Computational portraits of the tumoral microenvironment in human breast cancer

Breast cancer is the most diagnosed cancer in humans. In recent years, myxoid and proportionated stroma have been described as clinically significant in many cancer subtypes. Here computational portraits of tumor-associated stromata were created from a machine learning (ML) classifier using QuPath to evaluate proportionated stromal area (PSA), myxoid stromal ratio (MSR), and immune stroma proportion (ISP) from whole slide images (WSI). The ML classifier was validated in independent training ( n = 40) and validation ( n = 109) cohorts finding MSR, PSA, and ISP to be associated with tumor stage, lymph node status, Nottingham grade, stromal differentiation (SD), tumor size, estrogen receptor (ER), progesterone receptor (PR), and receptor tyrosine-protein kinase erbB-2 (HER-2).

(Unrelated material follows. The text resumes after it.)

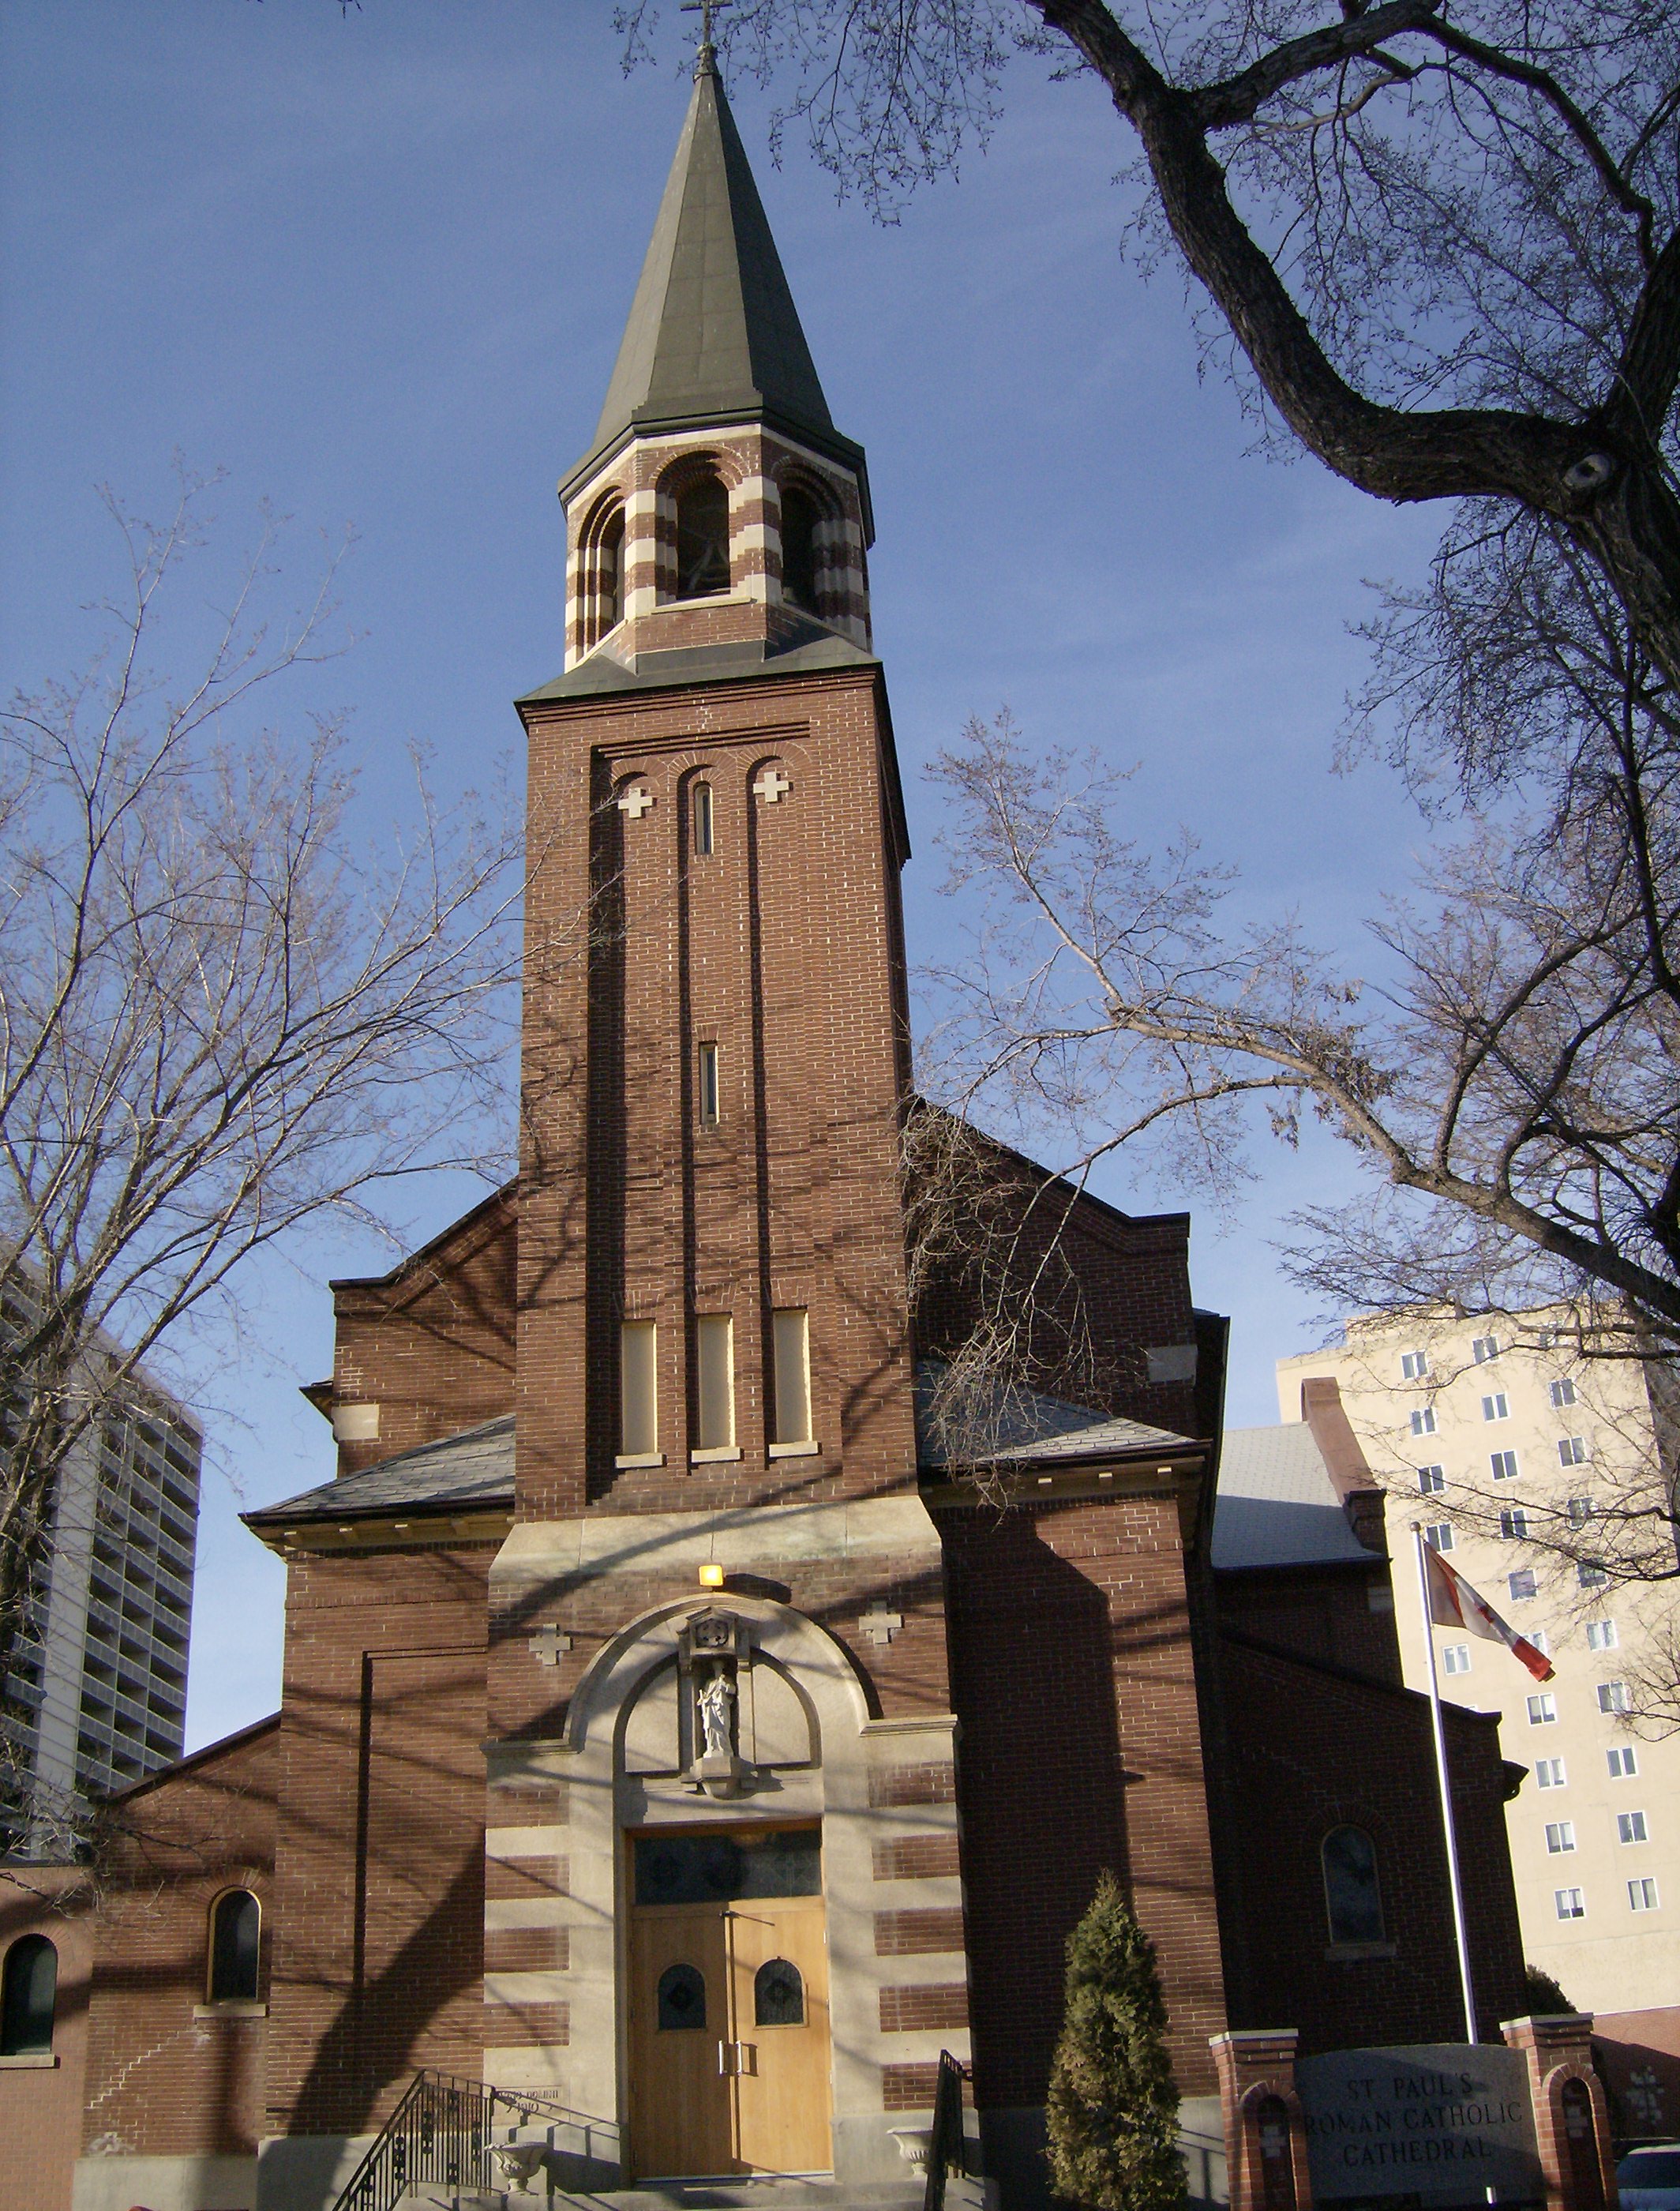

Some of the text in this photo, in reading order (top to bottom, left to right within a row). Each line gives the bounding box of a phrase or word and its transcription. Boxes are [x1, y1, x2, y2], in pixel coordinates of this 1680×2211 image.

[1393, 2073, 1473, 2100] PAUL'S
[1303, 2101, 1523, 2137] ROMAN CATHOLIC
[1344, 2137, 1492, 2167] CATHEDRAL

Overall, MSR correlated better with the clinicopathologic profile than PSA and ISP. High MSR was found to be associated with high tumor stage, low ISP, and high Nottingham histologic score. As a computational biomarker, high MSR was more likely to be associated with luminal B like, Her-2 enriched, and triple-negative biomarker status when compared to luminal A like. The supervised ML superpixel approach demonstrated here can be performed by a trained pathologist to provide a faster and more uniformed approach to the analysis to the tumoral microenvironment (TME). The TME may be relevant for clinical decision-making, determining chemotherapeutic efficacy, and guiding a more overall precision-based breast cancer care.